Complementation between dimeric mutants as a probe of dimer-dimer interactions in tetrameric dihydrofolate reductase encoded by R67 plasmid of E. coli.

The effect of mutations on the interactions between dimers in R67 dihydrofolate reductase (R67 DHFR), a tetrameric enzyme conferring resistance to trimethoprim, was investigated by site-directed mutagenesis combined with phenotypic, enzymatic, and biochemical analysis. Some 14 mutants at two positions involved in a hydrogen bond between dimers were constructed. All were shown to be dimers. However, complementation between pairs of dimeric mutated proteins resulted in the restoration of the enzymatic activity and heterotetramer formation. A combinatorial approach was set up to create efficiently such heterotetramers and identify the complementing pairs of mutations. A dozen of such pairs were found.
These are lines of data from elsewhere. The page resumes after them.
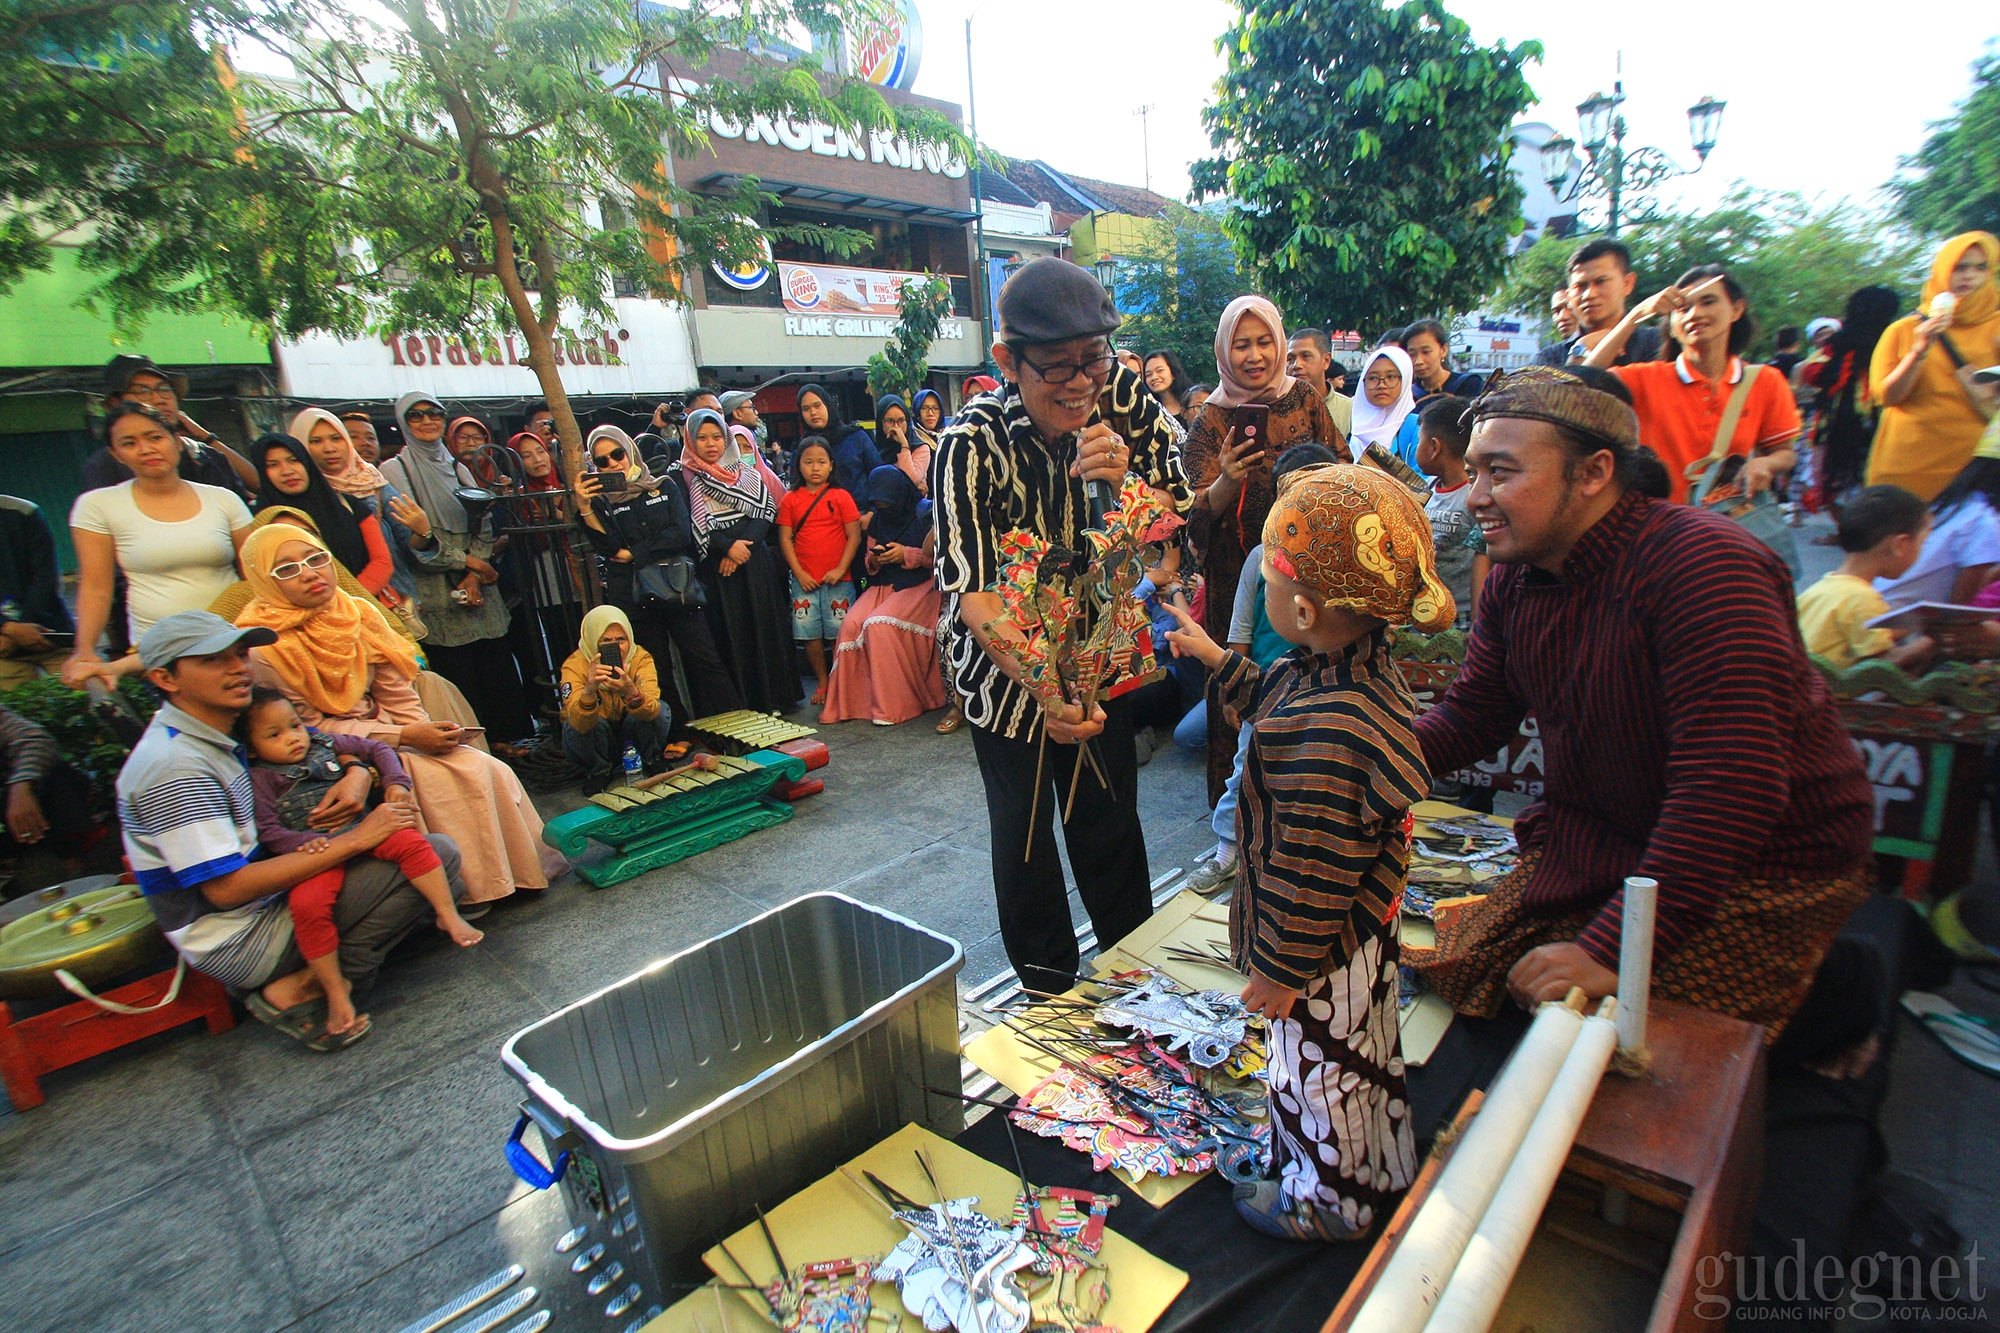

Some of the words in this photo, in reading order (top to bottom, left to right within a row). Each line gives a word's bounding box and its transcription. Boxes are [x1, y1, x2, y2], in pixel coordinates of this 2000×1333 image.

[790, 275, 815, 289] BURGER
[793, 282, 817, 298] KING
[784, 317, 833, 337] FLAME
[833, 319, 898, 338] GRILLING
[1424, 508, 1462, 525] OLICE
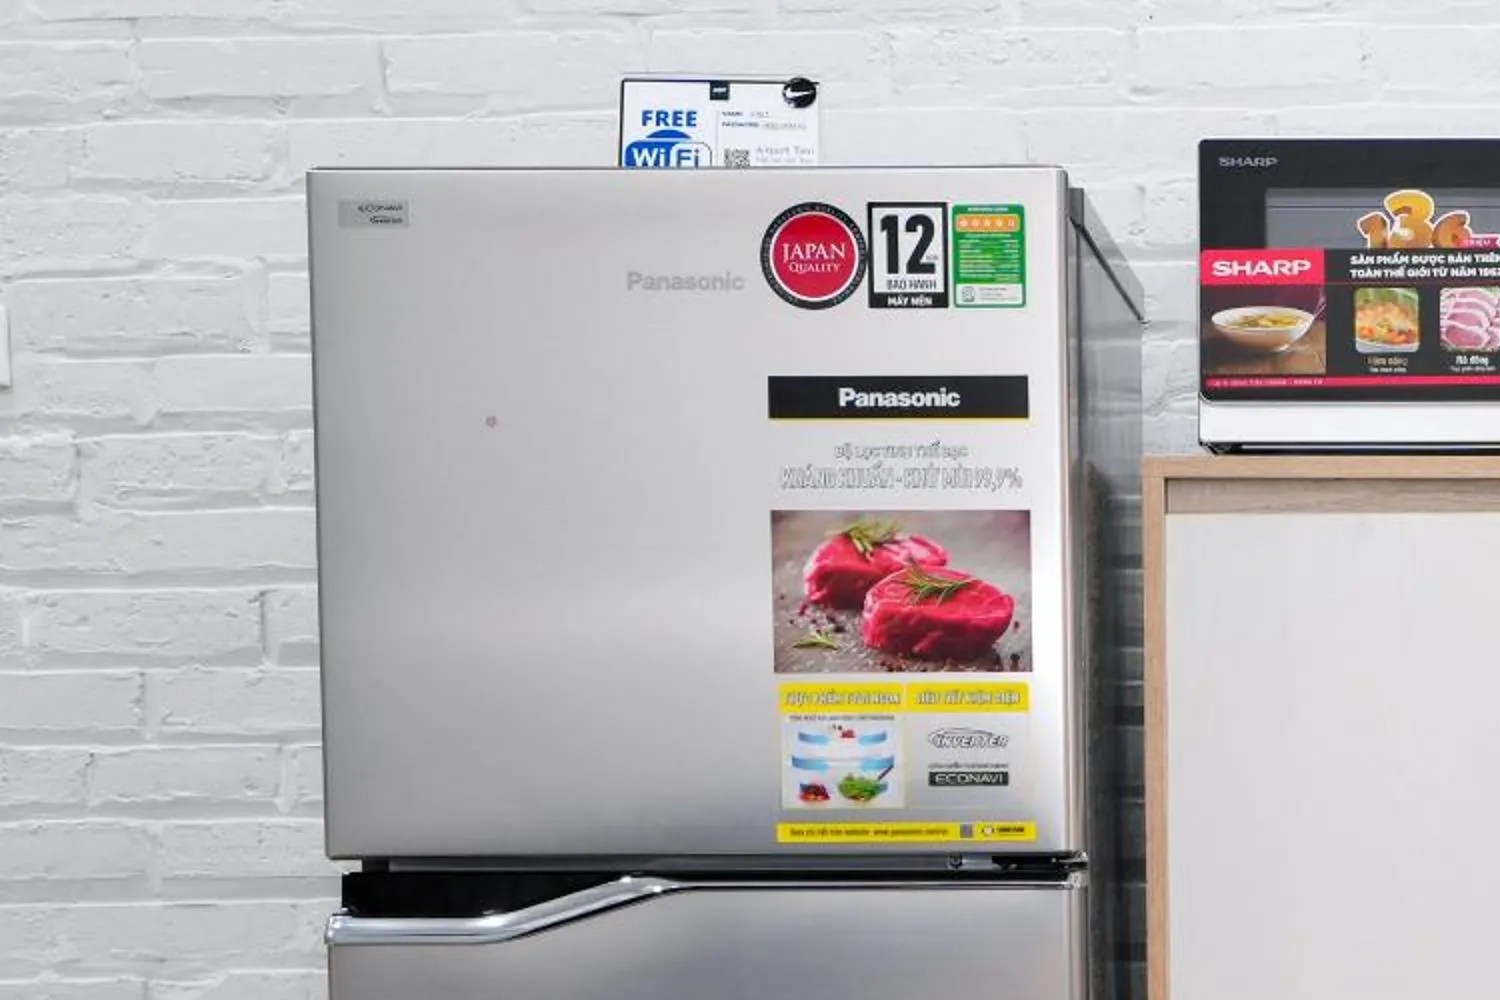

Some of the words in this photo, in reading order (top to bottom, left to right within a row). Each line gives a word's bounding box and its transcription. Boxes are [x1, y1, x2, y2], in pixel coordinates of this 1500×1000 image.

[641, 110, 698, 127] FREE
[1218, 156, 1278, 167] SHARP
[782, 242, 846, 263] JAPAN
[880, 213, 936, 275] 12
[788, 262, 841, 275] QUALITY
[1212, 259, 1312, 277] SHARP
[626, 271, 746, 292] Panasonic
[837, 386, 962, 408] Panasonic
[935, 773, 1004, 785] ECONAVI
An accurate method was set up to measure the association of the complementing dimers in a "quasi-isologous" heterotetramer and used to study the effects of mutations and pH on the association. Thus, the pair of proteins bearing respectively the S59A and H62L mutations was shown to form heterotetramers with catalytic properties close to those of the wild-type protein. Its association was as strong as that of the wild-type protein at cytoplasmic pH (6. 5), and was more stable at lower pH values.A double-mutant protein bearing simultaneously the S59A and H62L mutations was produced and analyzed. Its association was weakened by 1.2 kcal/mol as compared to the wild-type enzyme at pH 6.5 but was insensitive to pH. Comparing the energy of association between dimers in the wild-type protein, the heterotetramer and the double mutant allowed us to dissect the effects of the pH and of the molecular context on a subset of interactions between the R67 DHFR subunits.